Word for word, copy the records and drop the pictures.

━━━ The records

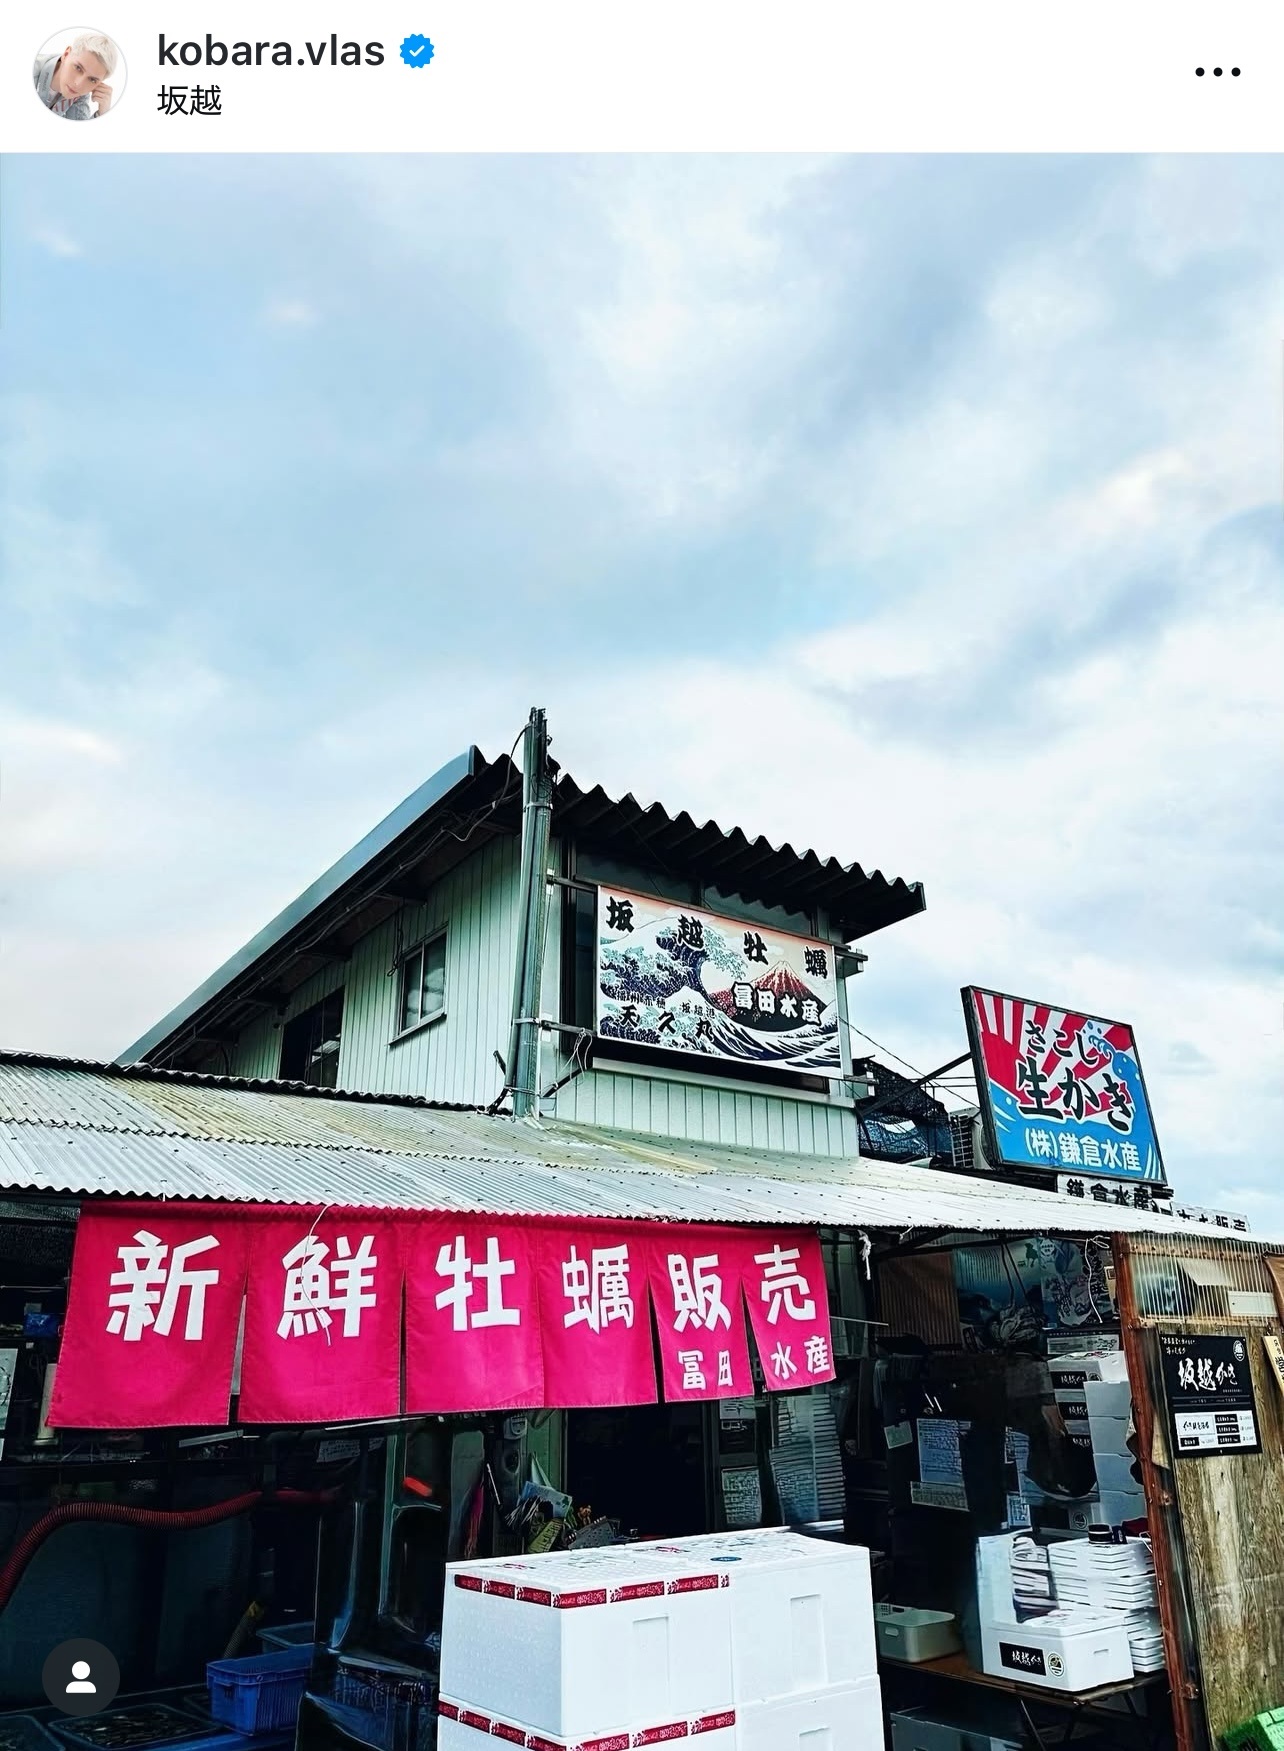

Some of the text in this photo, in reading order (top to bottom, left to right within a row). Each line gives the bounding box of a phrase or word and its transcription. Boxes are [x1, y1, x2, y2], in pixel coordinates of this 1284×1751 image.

[606, 896, 829, 979] 坂越牡蠣
[1025, 1019, 1098, 1065] さこし
[1015, 1057, 1131, 1132] 生かき
[1024, 1127, 1142, 1172] (株)鎌倉水産
[106, 1230, 817, 1341] 新鮮牡蠣販売
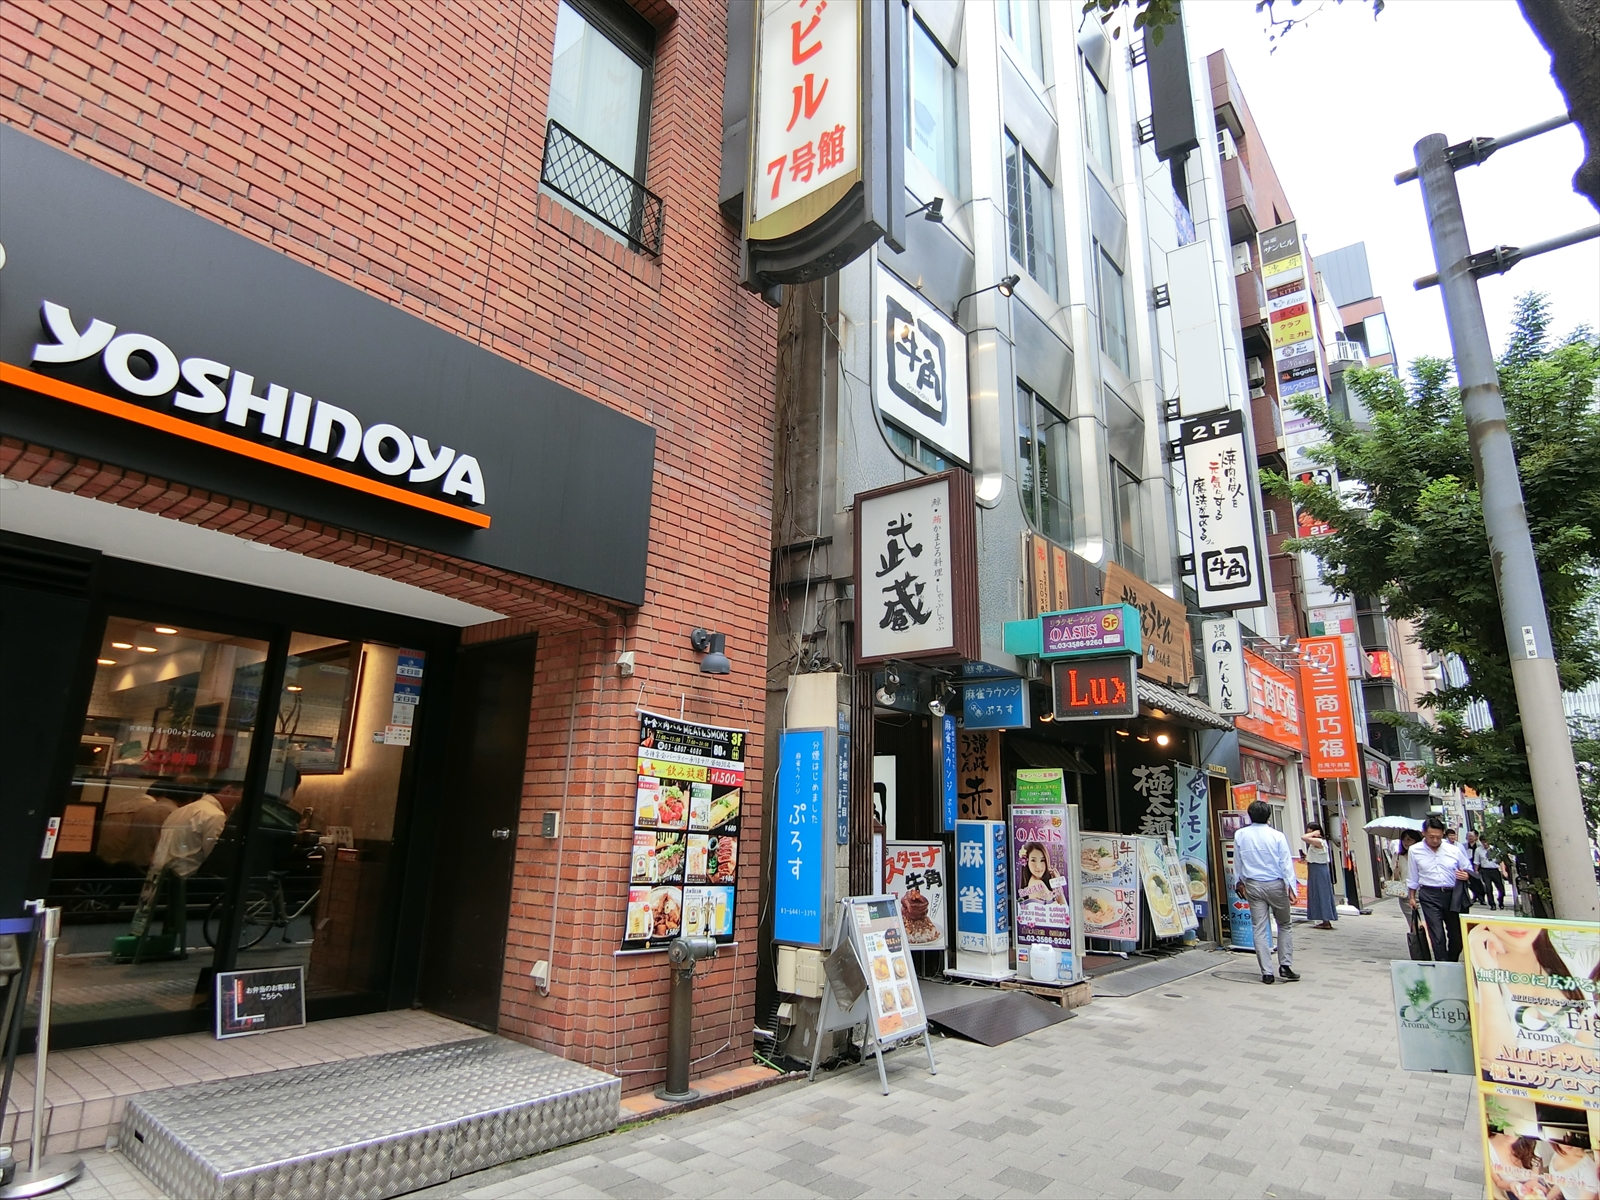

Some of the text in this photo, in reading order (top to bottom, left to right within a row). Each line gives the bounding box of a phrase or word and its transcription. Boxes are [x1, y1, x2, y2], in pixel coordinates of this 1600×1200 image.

━━━━━━

> Exercise response
Some of the text in this photo, in reading order (top to bottom, left to right within a row). Each line gives the bounding box of a phrase or word and its transcription. Boxes are [x1, y1, x2, y2], in pixel coordinates of this 1284×1751 image.

[606, 896, 829, 979] 坂越牡蠣
[1025, 1019, 1098, 1065] さこし
[1015, 1057, 1131, 1132] 生かき
[1024, 1127, 1142, 1172] (株)鎌倉水産
[106, 1230, 817, 1341] 新鮮牡蠣販売

Some of the text in this photo, in reading order (top to bottom, left to right within a row). Each line gives the bounding box of a phrase or word and its transcription. Boxes are [x1, y1, x2, y2], in pixel coordinates of this 1600×1200 image.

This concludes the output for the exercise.